What we get back is a whole bunch of numbers, the entries in the year column printed out in order.

Vectors: the building block of data

You might have noticed that our last result looked different from when we printed out the complete_old data.frame itself. That’s because it is not a data.frame, it is a vector. A vector is a 1-dimensional series of values, in this case a vector of numbers representing years.

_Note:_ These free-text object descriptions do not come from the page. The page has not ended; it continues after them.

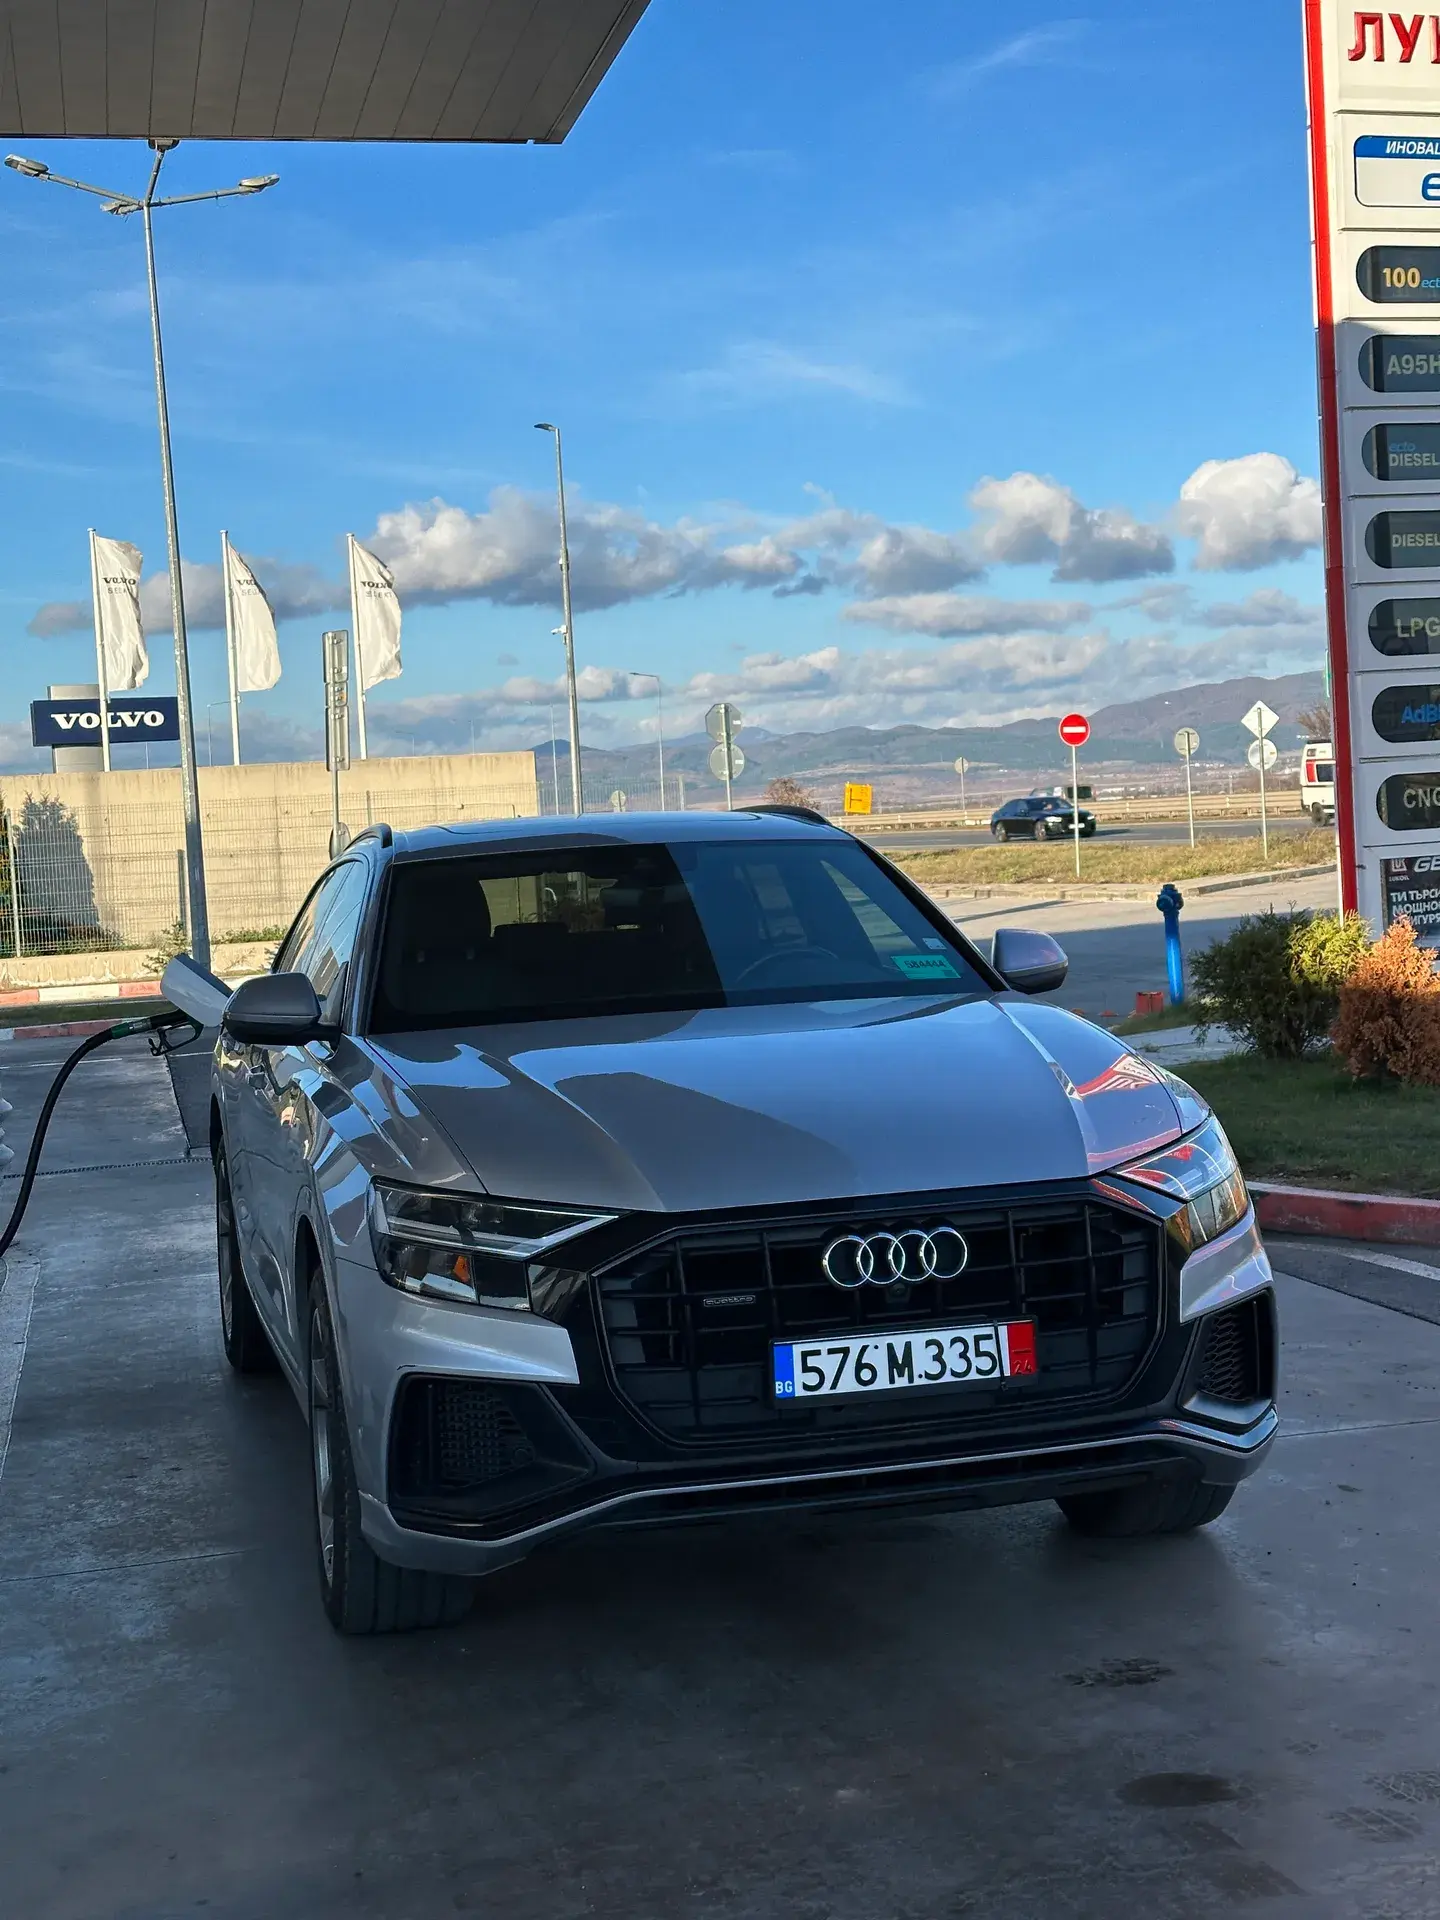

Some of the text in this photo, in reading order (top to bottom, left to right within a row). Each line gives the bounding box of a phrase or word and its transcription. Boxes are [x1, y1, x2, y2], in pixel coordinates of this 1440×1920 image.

[1382, 267, 1420, 288] 100
[1389, 453, 1440, 466] DIESEL
[1392, 534, 1440, 547] DIESEL
[1397, 617, 1440, 638] LPG
[51, 711, 164, 729] VOLVO
[1392, 900, 1440, 915] МОЩНО
[775, 1380, 793, 1394] BG
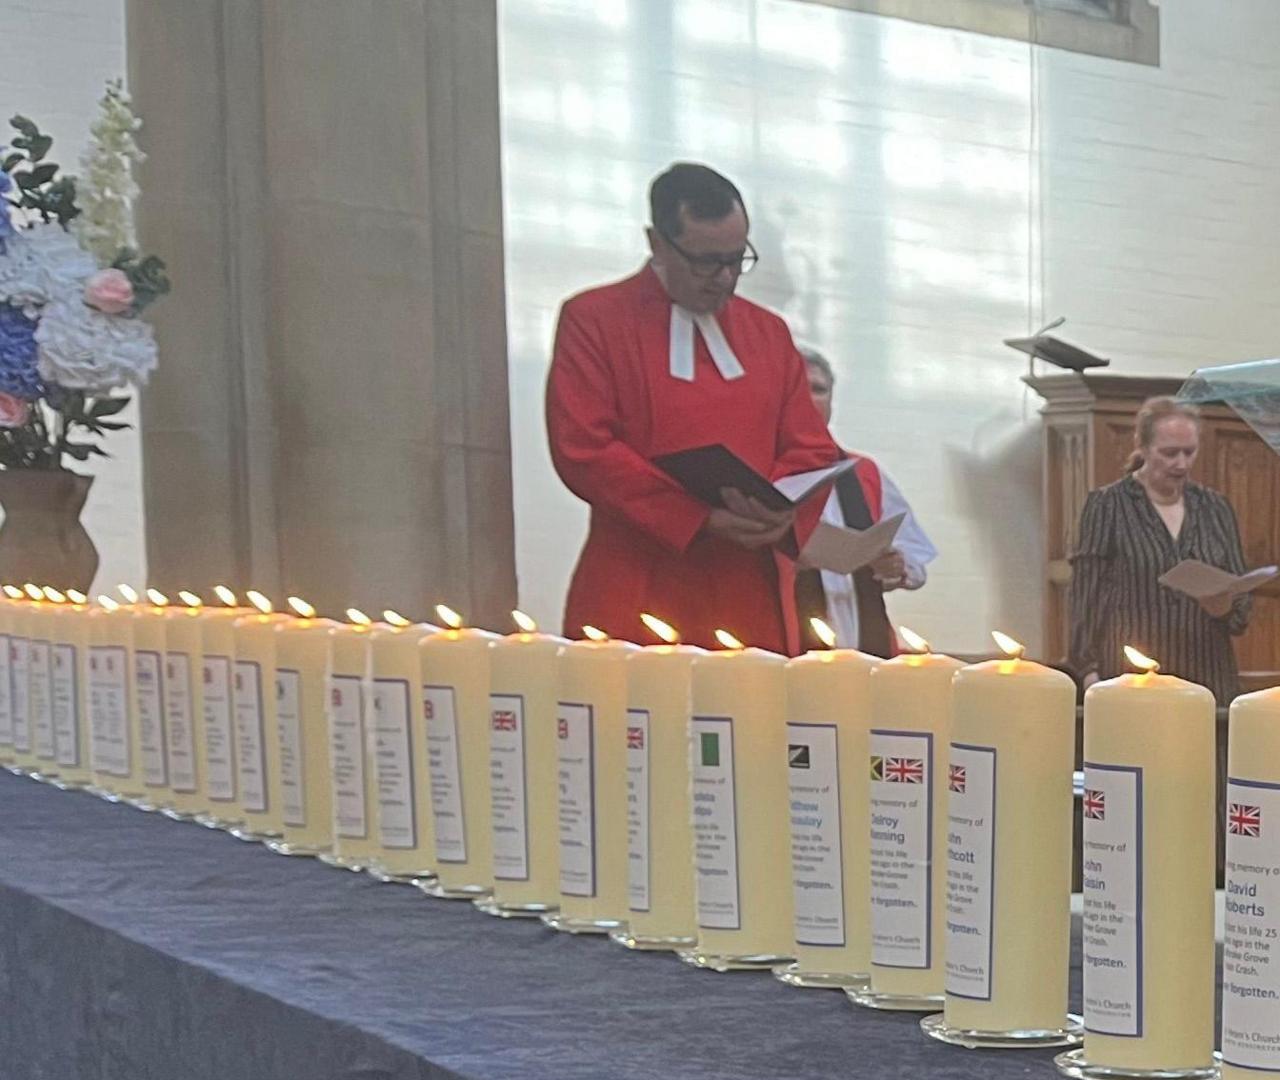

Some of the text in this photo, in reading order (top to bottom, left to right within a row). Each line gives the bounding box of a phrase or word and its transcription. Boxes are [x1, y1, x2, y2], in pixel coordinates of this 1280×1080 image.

[1227, 880, 1257, 897] David
[1265, 928, 1278, 938] 25
[1254, 940, 1270, 951] the
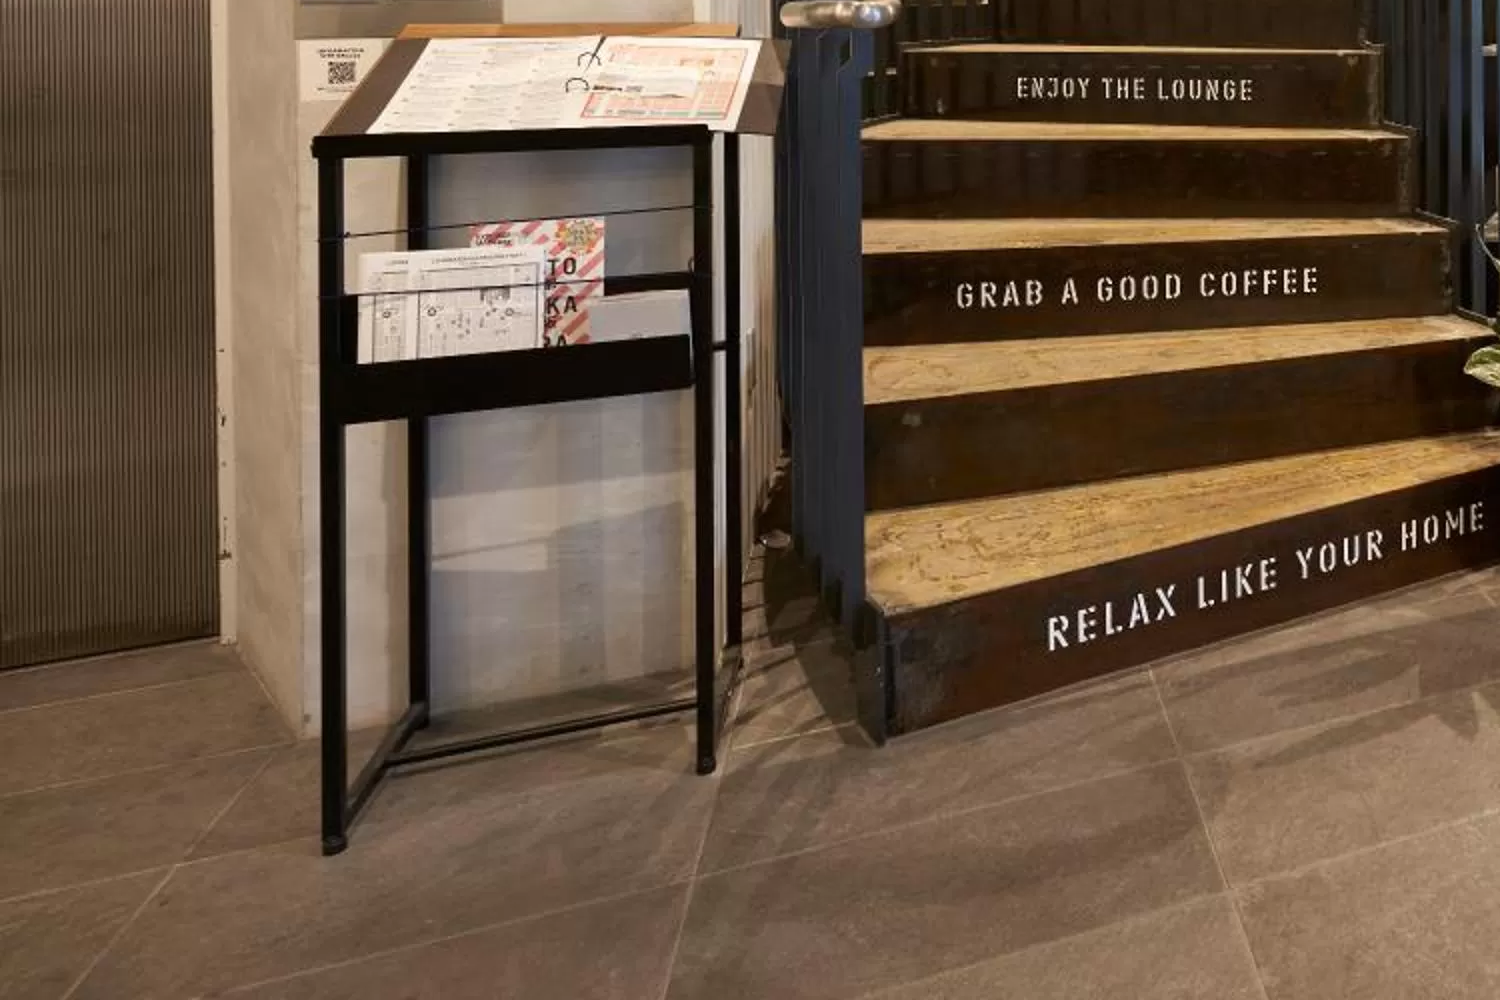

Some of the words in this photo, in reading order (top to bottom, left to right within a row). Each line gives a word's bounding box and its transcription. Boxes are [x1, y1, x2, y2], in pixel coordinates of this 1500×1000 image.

Data.frames are made up of vectors; each column in a data.frame is a vector. Vectors are the basic building blocks of all data in R. Basically, everything in R is a vector, a bunch of vectors stitched together in some way, or a function. Understanding how vectors work is crucial to understanding how R treats data, so we will spend some time learning about them.

There are 4 main types of vectors (also known as atomic vectors):

"character" for strings of characters, like our genus or sex columns. Each entry in a character vector is wrapped in quotes. In other programming languages, this type of data may be referred to as “strings”.
"integer" for integers. All the numeric values in complete_old are integers. You may sometimes see integers represented like 2L or 20L. The L indicates to R that it is an integer, instead of the next data type, "numeric".
"numeric", aka "double", vectors can contain numbers including decimals. Other languages may refer to these as “float” or “floating point” numbers.
"logical" for TRUE and FALSE, which can also be represented as T and F. In other contexts, these may be referred to as “Boolean” data.

Vectors can only be of a single type. Since each column in a data.frame is a vector, this means an accidental character following a number, like 29, can change the type of the whole vector. Mixing up vector types is one of the most common mistakes in R, and it can be tricky to figure out. It’s often very useful to check the types of vectors.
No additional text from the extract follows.